◆ **Instructions for the task**
Reproduce every line of the listing as written, apart from the pictures.

◆ **Data supplied**

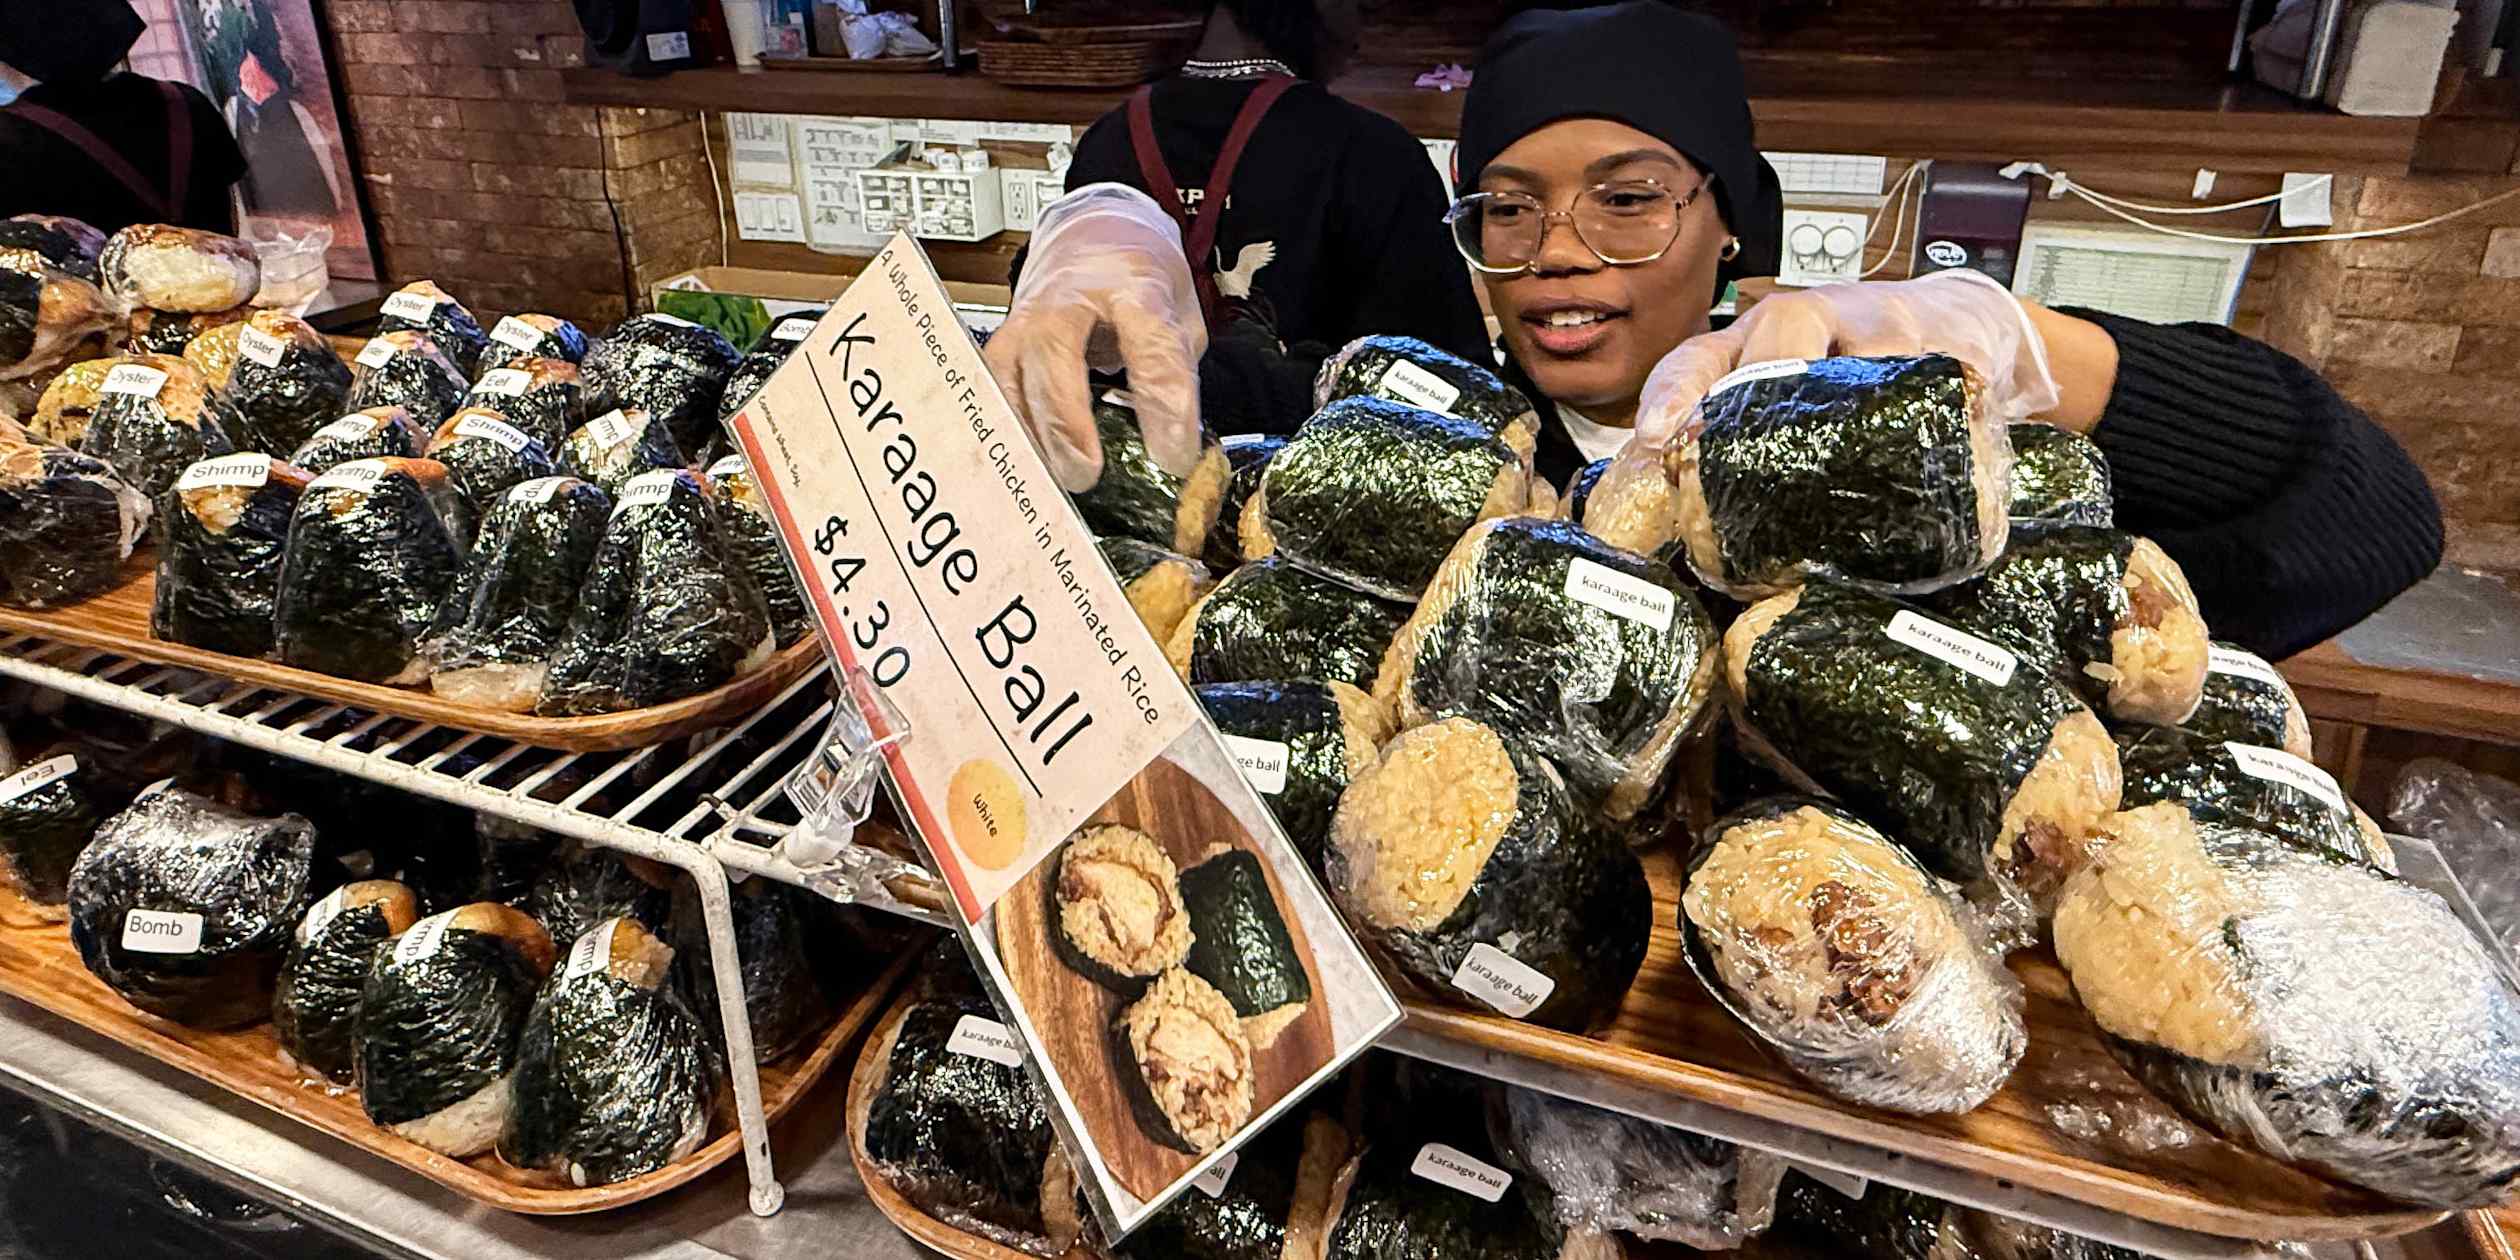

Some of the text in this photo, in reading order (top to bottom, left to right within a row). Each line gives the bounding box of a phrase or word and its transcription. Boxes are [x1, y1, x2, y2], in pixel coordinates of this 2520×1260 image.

[242, 330, 276, 358] Oyster
[486, 374, 511, 387] Eel
[881, 250, 1159, 724] A Whole Piece of Fried Chicken in Marinated Rice
[829, 312, 978, 597] Karaage
[975, 595, 1093, 767] Ball
[814, 515, 912, 689] $4.30
[1581, 574, 1667, 616] karaage ball
[1907, 621, 2007, 674] karaage ball
[21, 764, 54, 787] Eel
[1256, 758, 1281, 773] ball
[972, 792, 999, 839] White
[129, 916, 184, 938] Bomb
[1465, 956, 1540, 1006] karaage ball
[961, 1028, 1004, 1049] karaage
[1208, 1162, 1226, 1181] all
[1427, 1152, 1502, 1189] karaage ball

◆ **Exercise answer**
Some of the text in this photo, in reading order (top to bottom, left to right within a row). Each line gives the bounding box of a phrase or word and its transcription. Boxes are [x1, y1, x2, y2], in pixel coordinates of this 2520×1260 image.

[242, 330, 276, 358] Oyster
[486, 374, 511, 387] Eel
[881, 250, 1159, 724] A Whole Piece of Fried Chicken in Marinated Rice
[829, 312, 978, 597] Karaage
[975, 595, 1093, 767] Ball
[814, 515, 912, 689] $4.30
[1581, 574, 1667, 616] karaage ball
[1907, 621, 2007, 674] karaage ball
[21, 764, 54, 787] Eel
[1256, 758, 1281, 773] ball
[972, 792, 999, 839] White
[129, 916, 184, 938] Bomb
[1465, 956, 1540, 1006] karaage ball
[961, 1028, 1004, 1049] karaage
[1208, 1162, 1226, 1181] all
[1427, 1152, 1502, 1189] karaage ball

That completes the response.